Prompt = Repeat exactly every line that comes at or after the line containing "Some of the text", through the end of the entries below.

####################

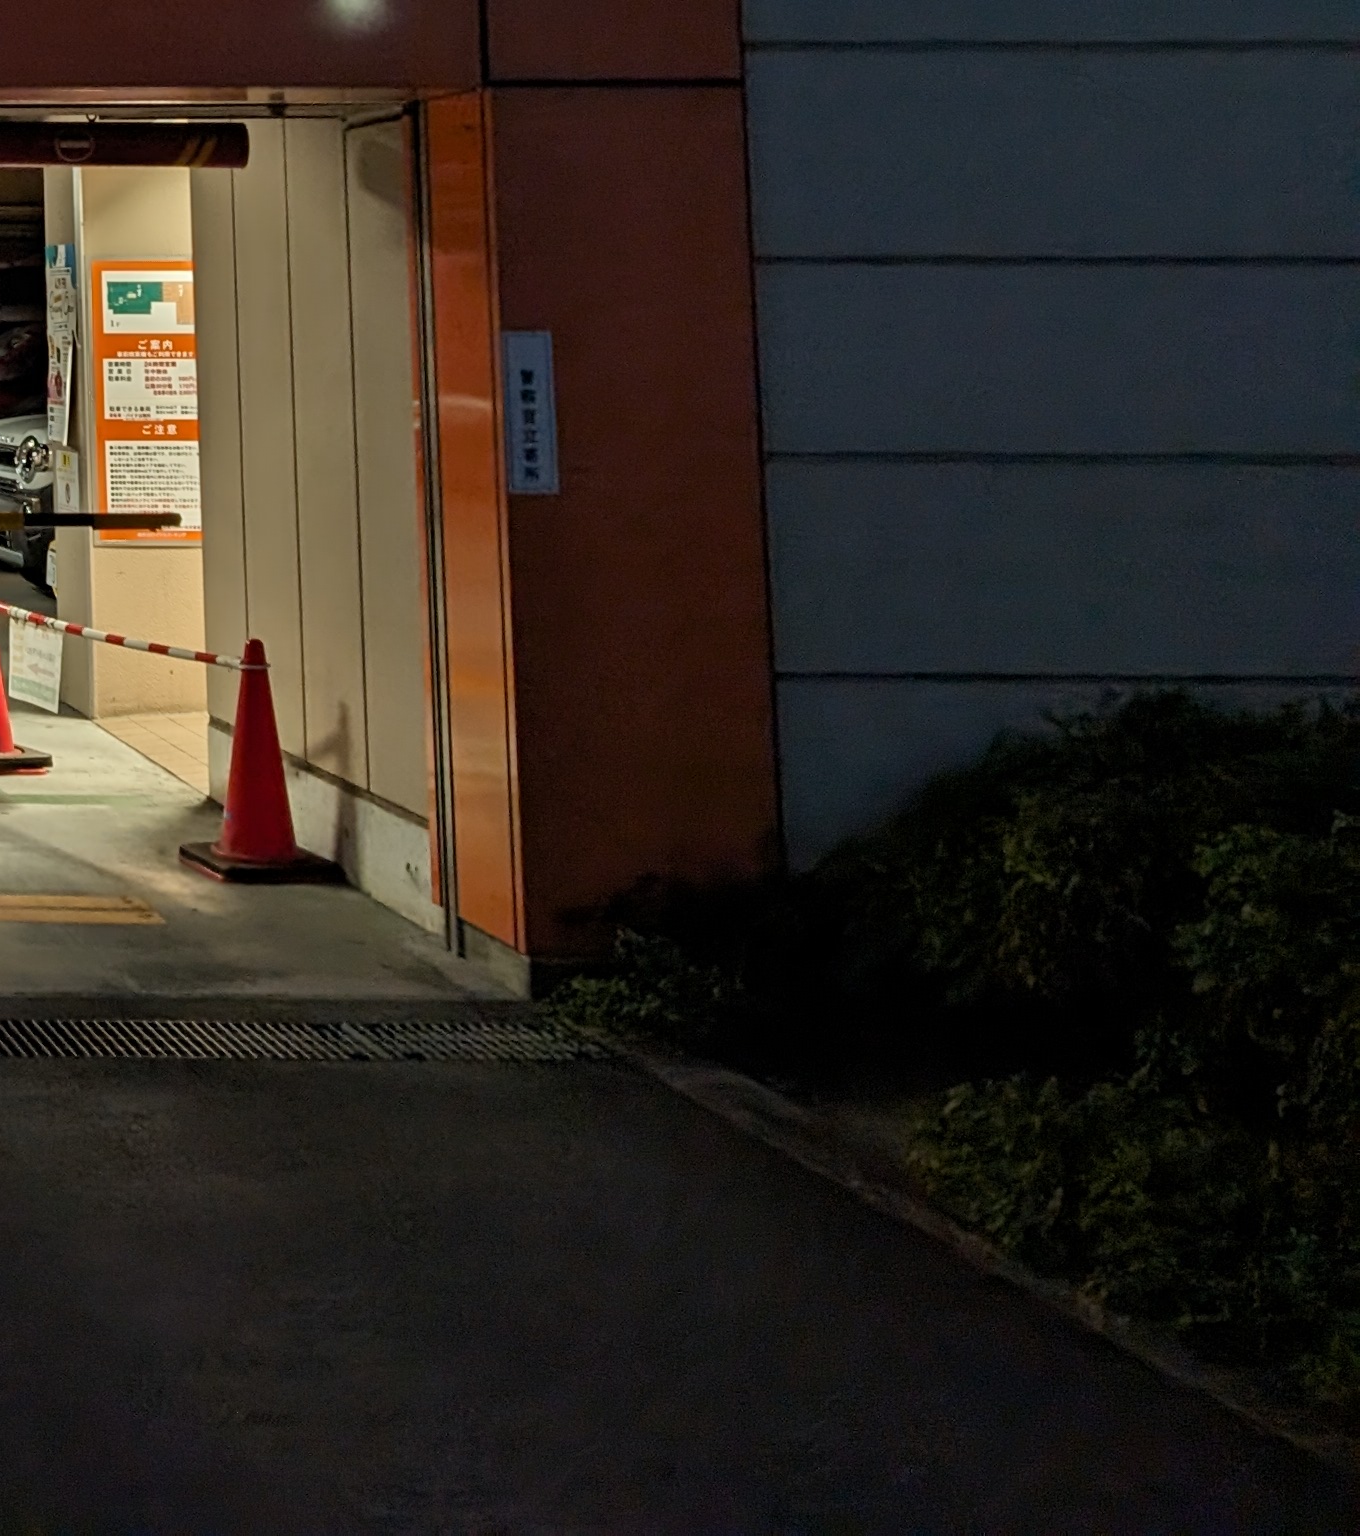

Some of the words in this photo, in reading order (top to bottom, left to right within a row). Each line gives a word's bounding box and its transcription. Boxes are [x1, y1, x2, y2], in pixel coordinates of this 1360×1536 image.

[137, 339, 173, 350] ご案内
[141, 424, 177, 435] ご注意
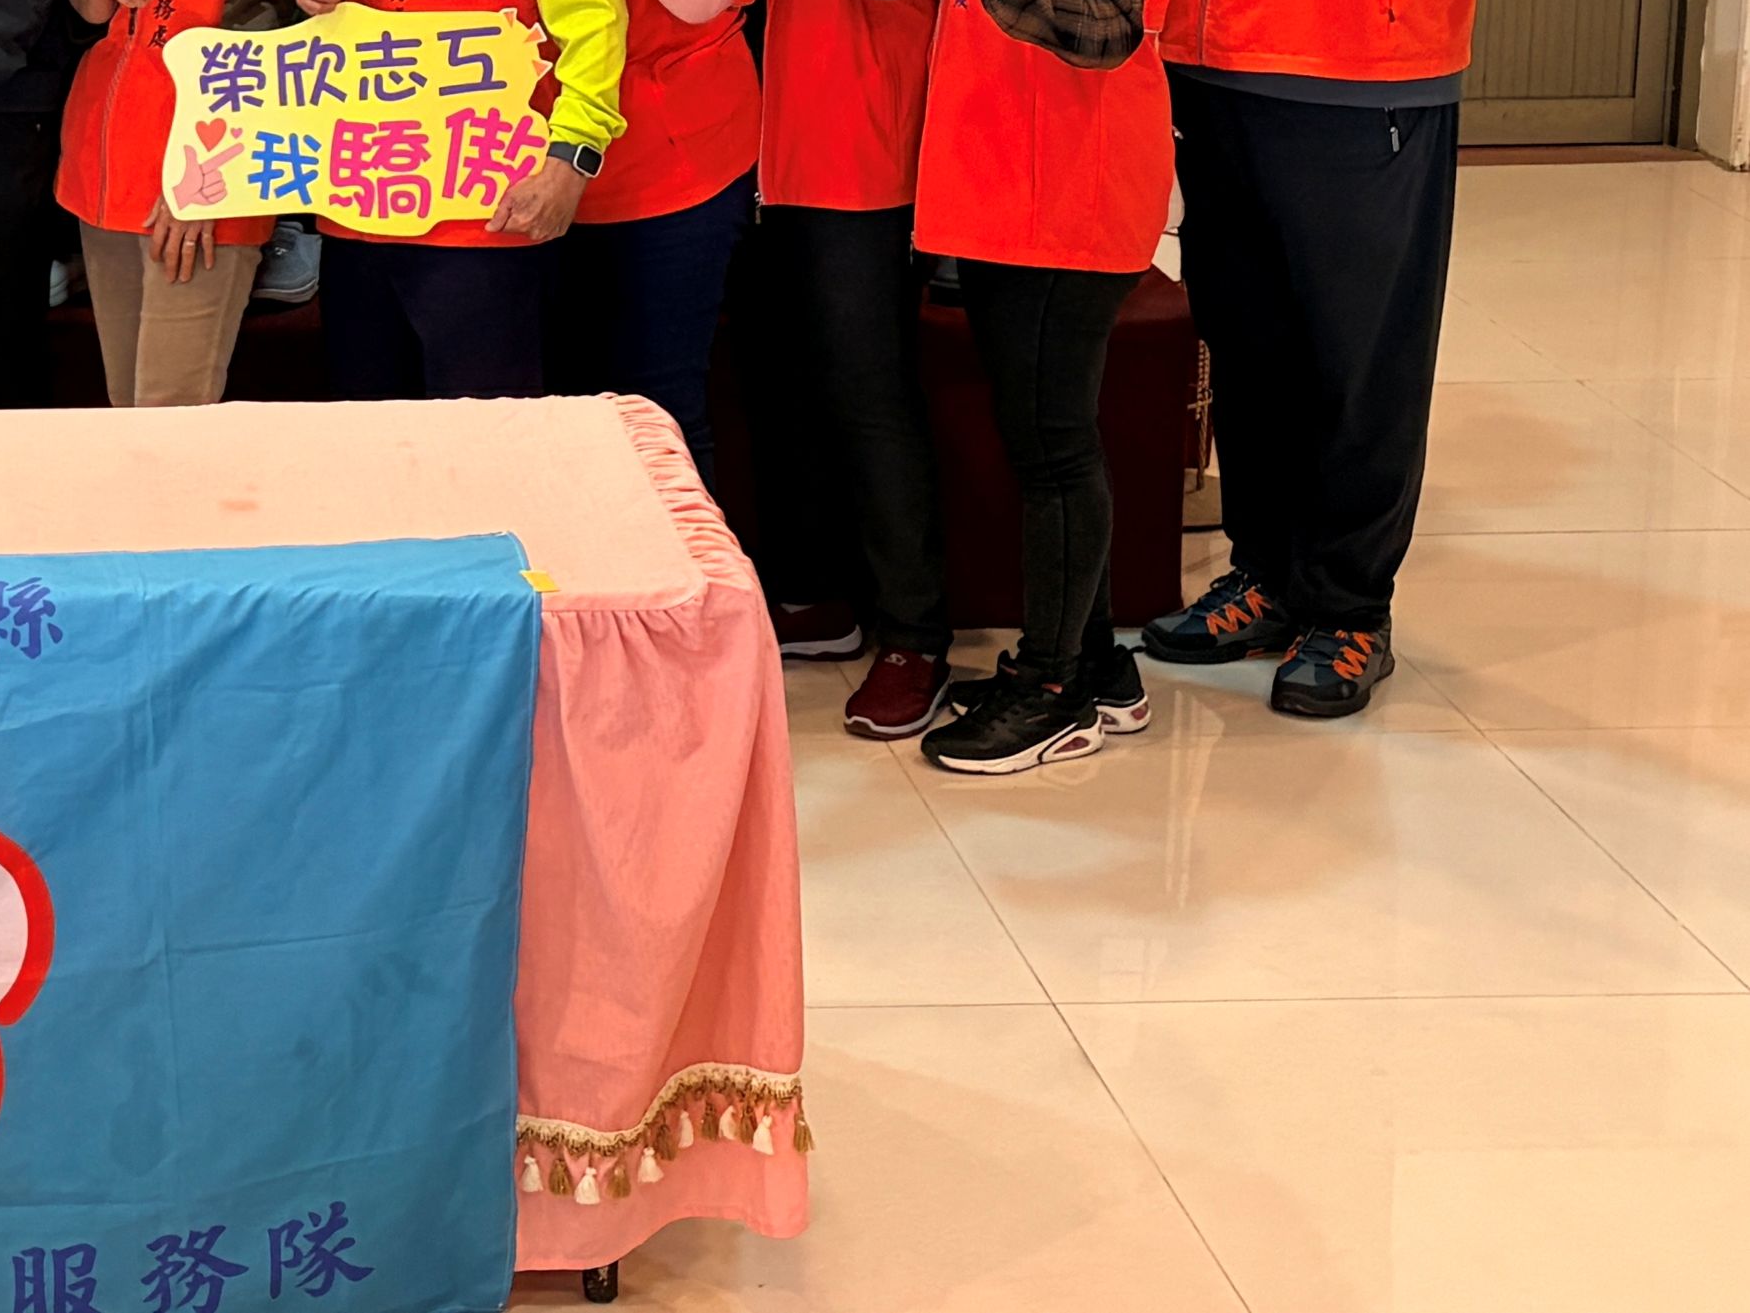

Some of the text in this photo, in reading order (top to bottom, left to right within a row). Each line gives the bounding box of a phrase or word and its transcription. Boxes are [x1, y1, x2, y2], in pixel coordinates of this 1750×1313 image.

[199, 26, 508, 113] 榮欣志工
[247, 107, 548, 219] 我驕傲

####################

The answer =
Some of the text in this photo, in reading order (top to bottom, left to right within a row). Each line gives the bounding box of a phrase or word and its transcription. Boxes are [x1, y1, x2, y2], in pixel coordinates of this 1750×1313 image.

[199, 26, 508, 113] 榮欣志工
[247, 107, 548, 219] 我驕傲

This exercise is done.